Several of Tempest’s learned behaviors made the weekend more pleasant, and I’m always surprised that people don’t take the time to teach these easy tricks.

First, Tempest learned from day one that first thing in the morning we pee and then we immediately poop before going back inside for something to eat.

This little trick makes life incredibly easier on his person, who has more than enough chores to do between waking and taking off for the trial site.
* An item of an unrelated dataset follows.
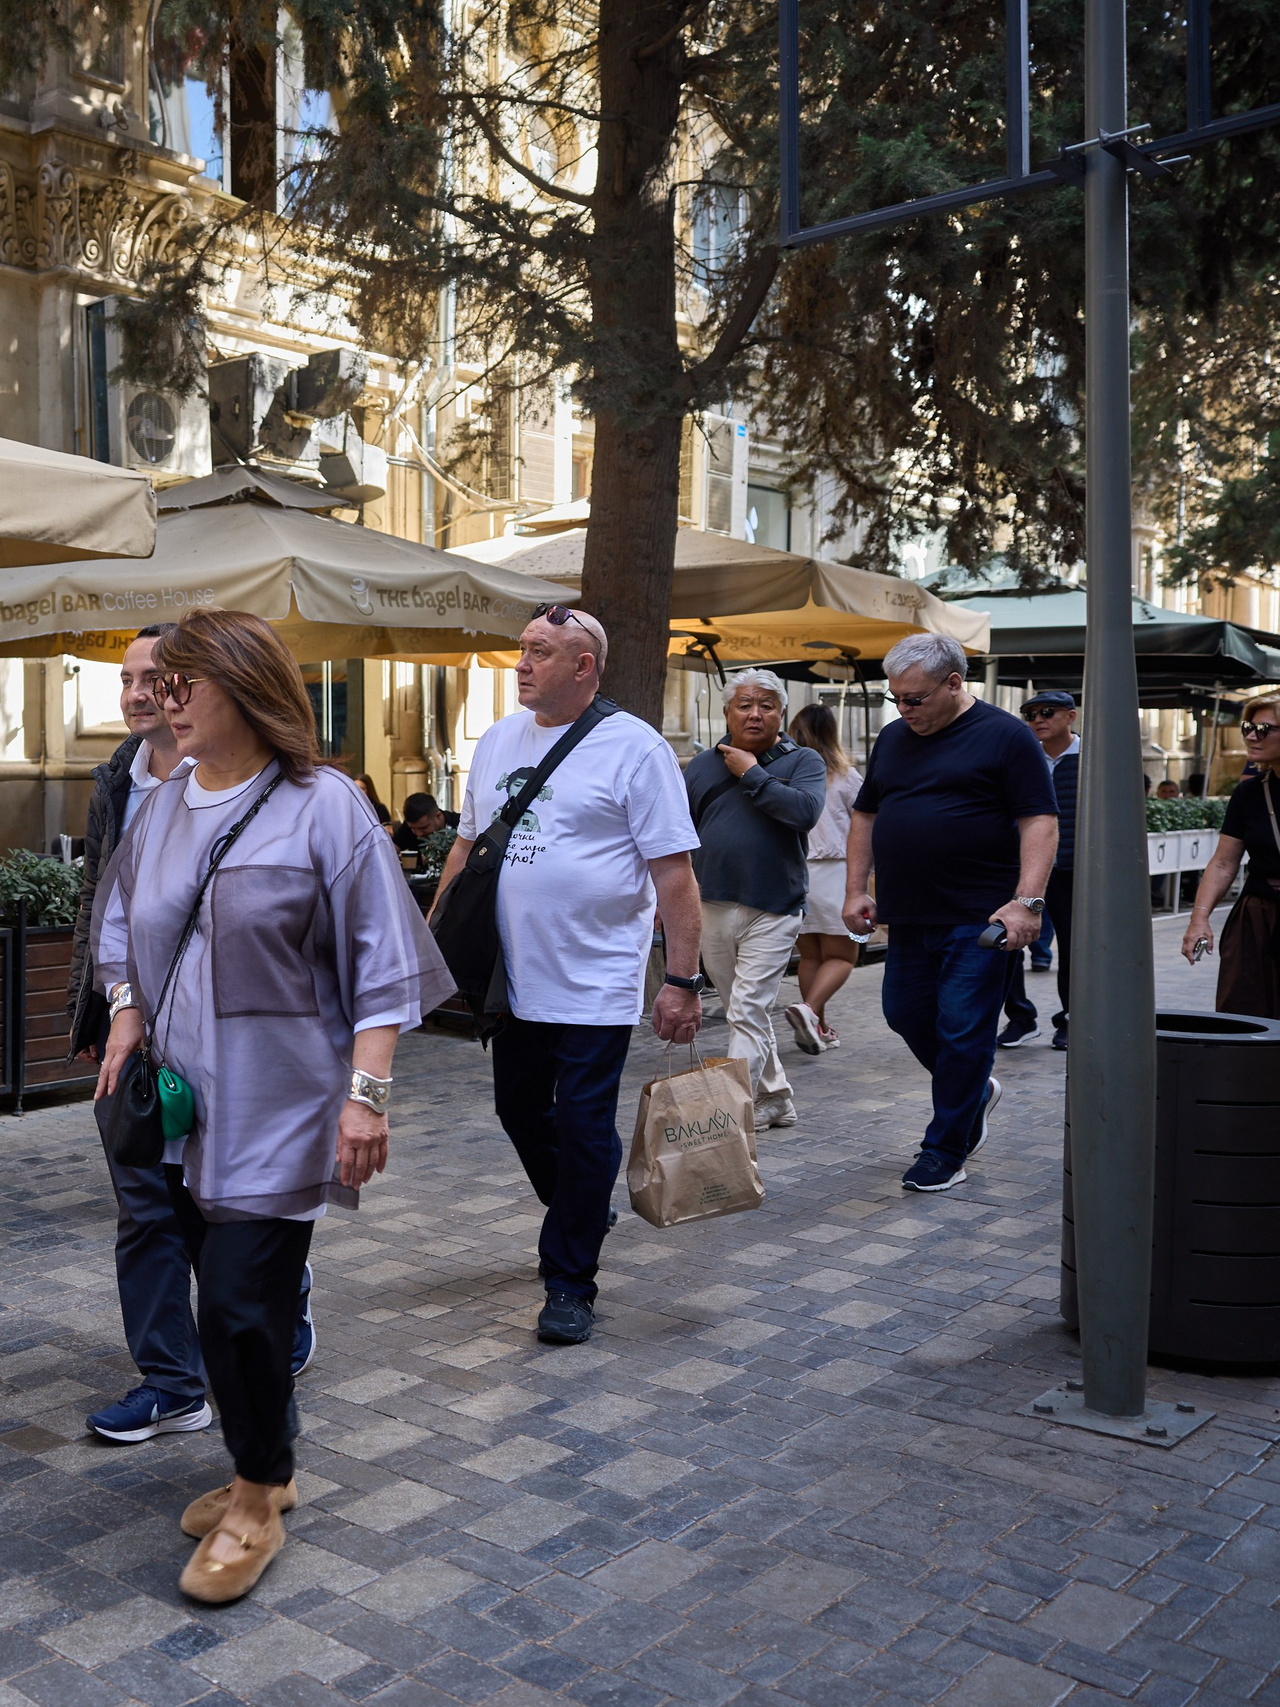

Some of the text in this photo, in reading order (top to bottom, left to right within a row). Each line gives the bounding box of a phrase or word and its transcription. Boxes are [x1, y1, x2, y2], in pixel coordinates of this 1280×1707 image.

The training for it involves little more than patience when the puppy is really young — having a set phrase you use consistently, and patiently waiting for the littlest of puppies to perform their duties before running happily back to the room for breakfast.

Wow, how great was it to be able to finish this chore in just a few minutes.  We then were able to return to the room, feed the dogs, go get coffee, and start our personal preparations.

Second, Tempest is learning to jump up into his crate in the truck. At his size he can’t quite make it all the way, but I want him to have a response when I open the crate door and tap on the bumper.

Learning to jump into the crate enables the dog to pick his own footsteps into the crate, to enjoy the very first step of traveling with mom, and takes a lot of heavy lifting off my back.

With the right bumper configuration (on my Tahoe I have 2 levels of bumper and a third level into the crating area) even little Hazard (our 10″ sheltie) can jump up and get into a crate without being man-handled.

Third, and on the same lines, Tempest is learning all about jumping.  He learned to jump onto the bed at home using the ottoman as an intermediate level, but the motel beds were at a convenient height for him to learn the power of his rear legs for lifting. Within a few seconds of his initial attempt to hop onto the bed, Tempest gave a bit more effort and was rewarded with petting and attention.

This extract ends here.